Monthly Archives: December 2022

Year’s End

The fifth anniversary of my arrival on the California Delta passed without fanfare.  If memory serves, I pulled into Park Delta Bay in the week of December 19th, 2017.  I spent the next twelve months with a foot in each world.  Every three or four weeks, I spent a couple of weeks in Kansas City, squatting in a spare room at my friend Jeanne Foster’s house and at a spare desk in Patricia Scaglia’s Independence law firm.  By the close of 2018, I became a full-time resident and in January of 2019, registered my vehicle in California.

I mark the changing of seasons with the arrival of migratory birds and seasonal fruit.  Yesterday I spied the first flock of snow geese on Andrus Island.  At the grocery store, stemmed mandarins sent wafts of their sweet fragrance into the air as I leaned on the handle of my cart and eased down the aisle.  The rain has overtaken our world.  My feet sink into mud on the short walk from my steps to the car.

When the new year dawns, many will list resolutions.
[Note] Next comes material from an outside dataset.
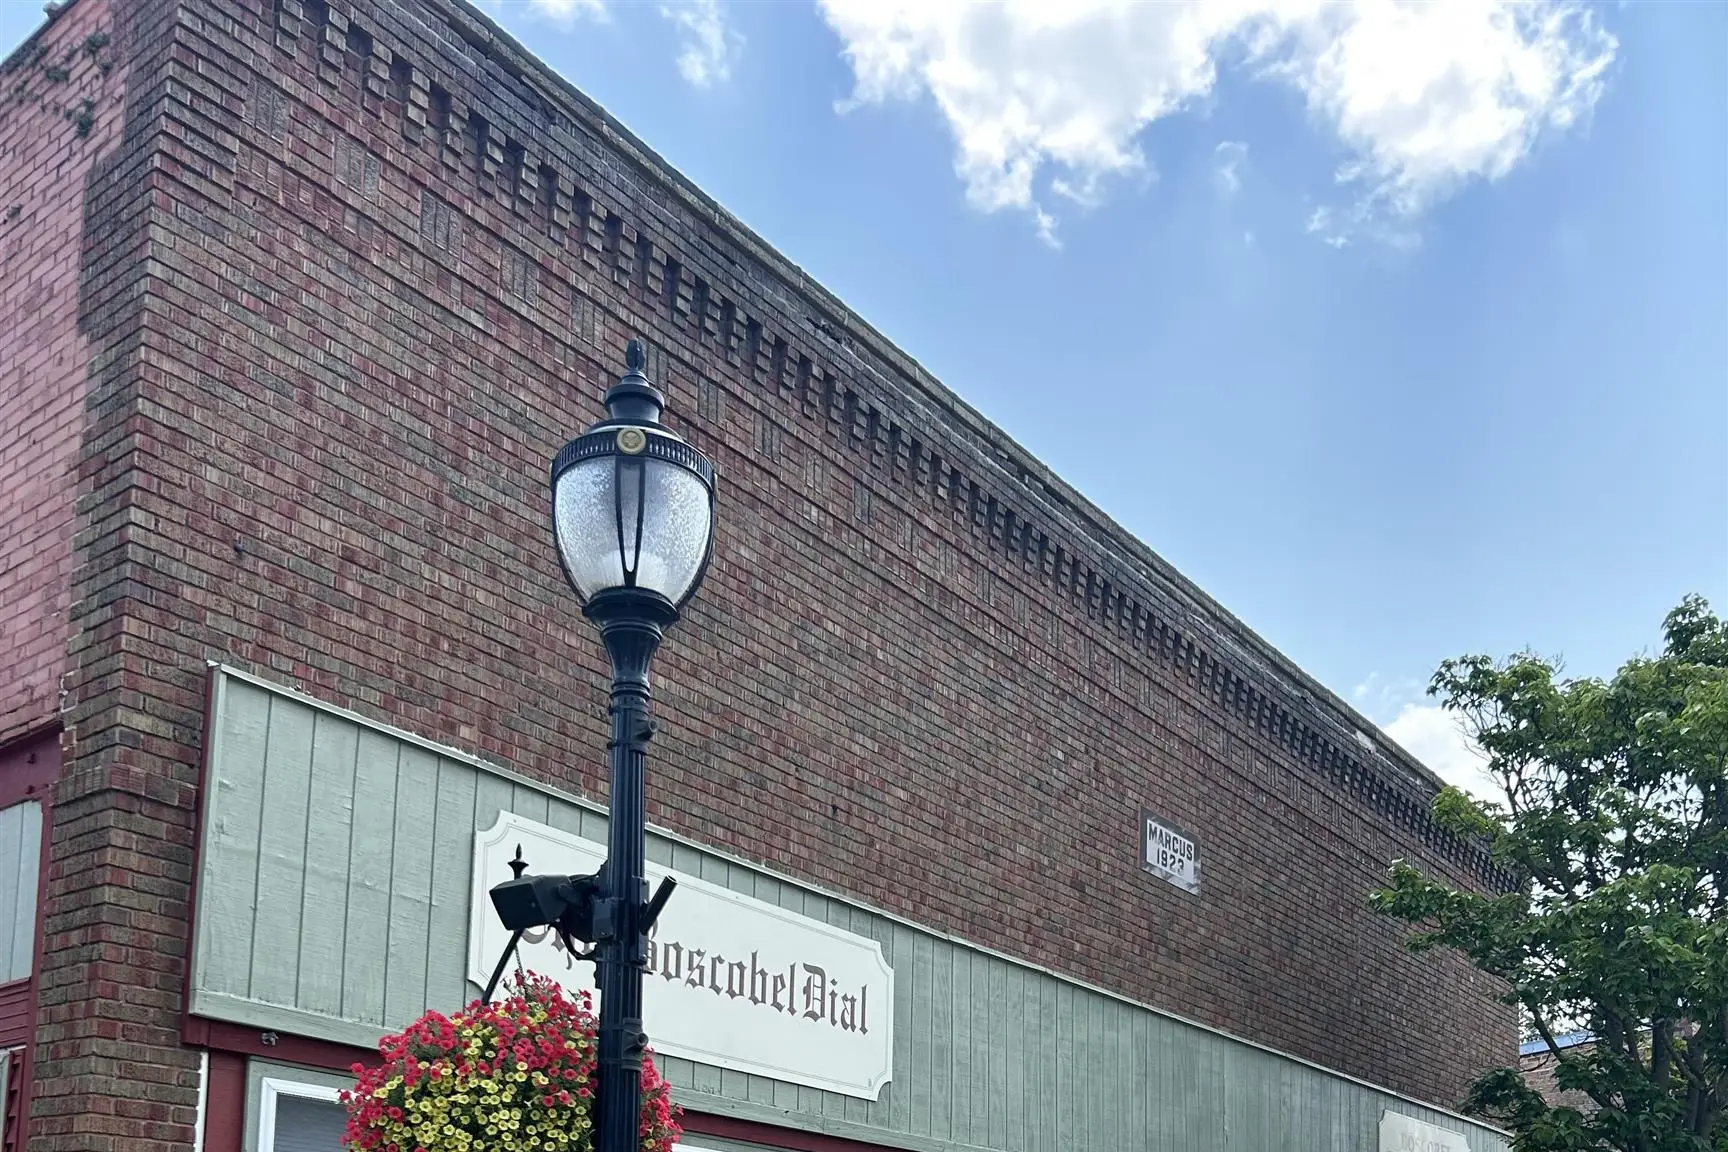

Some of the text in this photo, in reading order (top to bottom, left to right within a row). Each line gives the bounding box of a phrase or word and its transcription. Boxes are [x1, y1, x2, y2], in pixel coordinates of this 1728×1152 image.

[1148, 822, 1193, 862] MARCUS
[1157, 848, 1184, 873] 1923
[802, 962, 868, 1035] Dial
Others will chastise themselves for those not attained in 2022.  I have my own lists:  Mistakes that I’ve made;  goals to which I’ve inched closer, people whom I offended to whom I wish to make amends; others who have shown kindness on whom I want to bestow some unexpected bounty of gratitude.  If past habits hold, I will open a fresh journal and write a daily entry for a few weeks, dwindling to monthly before the habit fades altogether.  My to-do lists will begin as boldly penned in full sentences across a page, then morph into fragments before being relegated to that most tenuous of note-pads, the one we maintain in our heads.  But nonetheless, I announce my intentions, if only to myself.  I will resolve to smile more often, take myself more lightly, reach out to a wider range of relatives, and lose weight.
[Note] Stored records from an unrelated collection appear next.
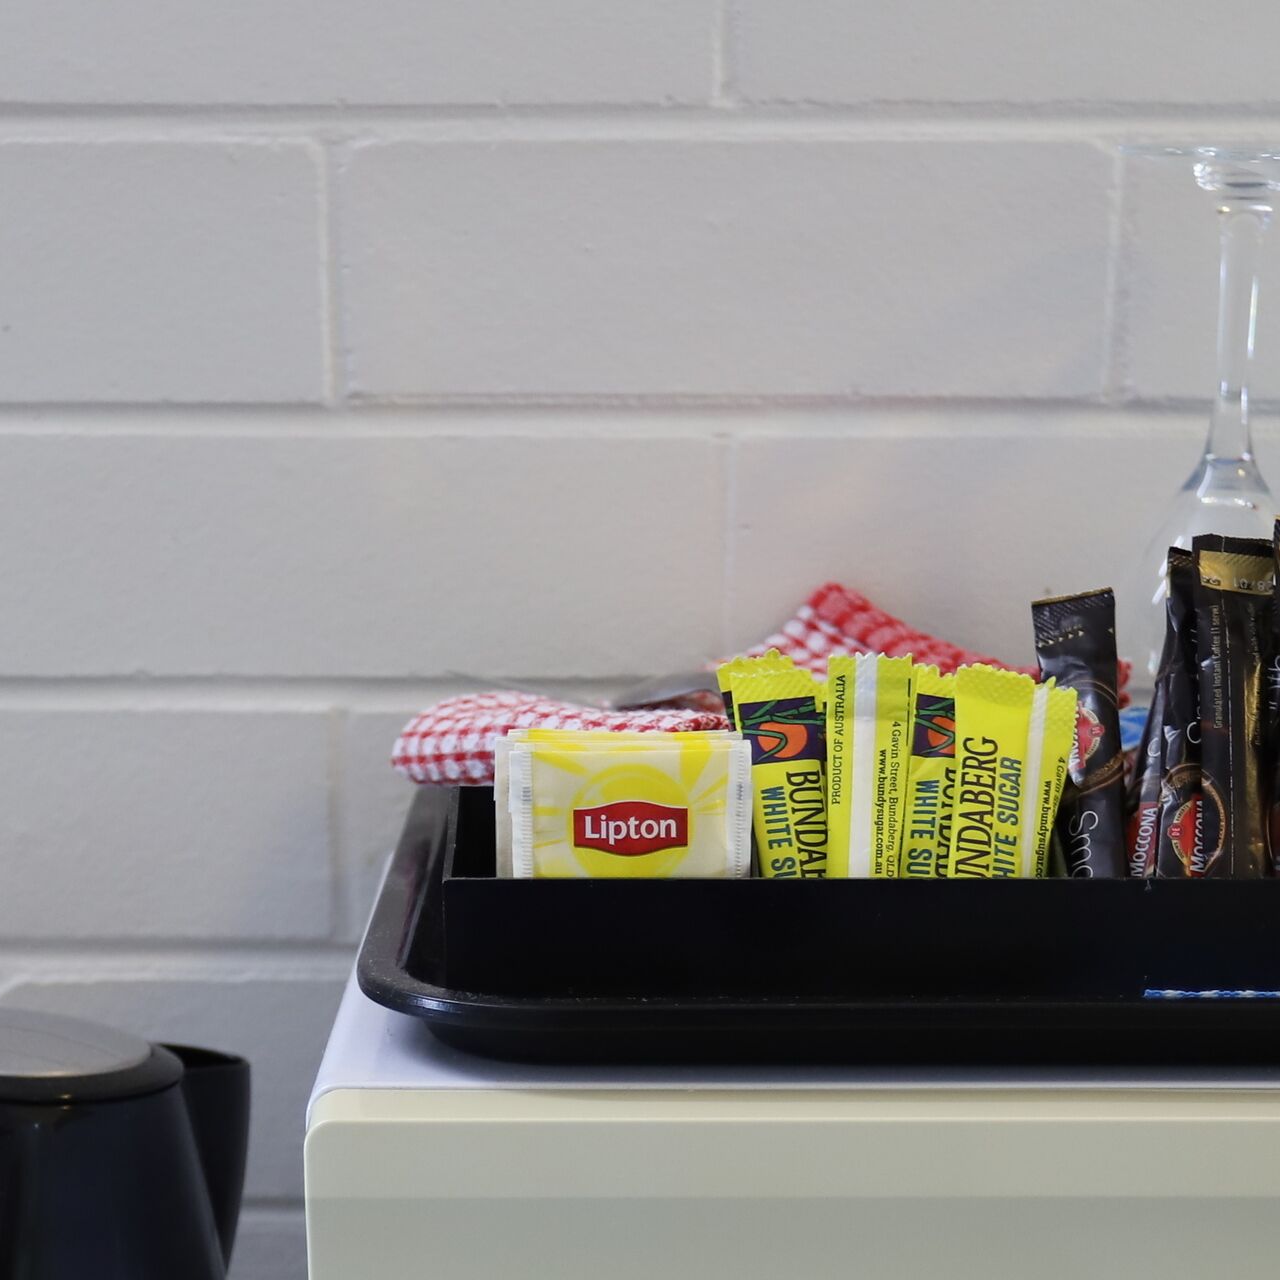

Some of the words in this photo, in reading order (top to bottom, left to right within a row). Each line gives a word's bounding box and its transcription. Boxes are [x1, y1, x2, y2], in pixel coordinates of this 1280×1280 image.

[834, 674, 847, 737] AUSTRALIA
[833, 738, 845, 753] OF
[891, 729, 901, 759] Gavin
[831, 754, 844, 805] PRODUCT
[888, 761, 900, 795] Street,
[996, 757, 1021, 826] SUGAR
[584, 814, 677, 846] Lipton
[761, 786, 793, 850] WHITE
[874, 749, 887, 875] www.bundysugar.com.au
[887, 796, 899, 853] Bundaberg,
[910, 779, 940, 840] WHITE
[1129, 806, 1157, 877] MOCCONA
Without question, I also resolve that I will not cease this #journeytojoy.   I have yet to accomplish its initial, solitary goal:  to traverse an entire year without uttering one single word of protest.  I have not yet made it; and so, with firm conviction and my customary rueful smile, I shall continue.

It’s the thirtieth day of the one-hundred and eighth month of My Year Without Complaining.  Life continues.

Merry Christmas from Mary Corinne

Time plays dirty tricks on us.  Faces in the mirror crack and crinkle.  Curls assume a frosty sheen not imposed by the crafty hands of a sympathetic stylist.  Eyes dull.  Muscles weaken and wither.

Our minds bend with the weight of shifting weeks.  We strain to discern the details of disappearing days.  Words fall from the mouths of folks no longer able to correct us.  We brag of feats that in our quiet moments, we cannot honestly claim.  Bitterness fades and only the thrill of the tender glance remains.

I cannot describe with absolute certainty what I expected from life.  If I guided the construct of my waning years by my mother’s predictions, I’ve nearly fulfilled them.  She expected me to have a profession; I’ve had one, after a clumsy fashion.  She wearily intoned that no man could abide my unruly nature; none has.  She cautioned me not to pursue a life of dance or theatre (I did not); she typed my poems for me and encouraged me to scribble (I did).  I do not know if the outcome would satisfy my mother, except in her own keen knowledge of her baby girl’s potential.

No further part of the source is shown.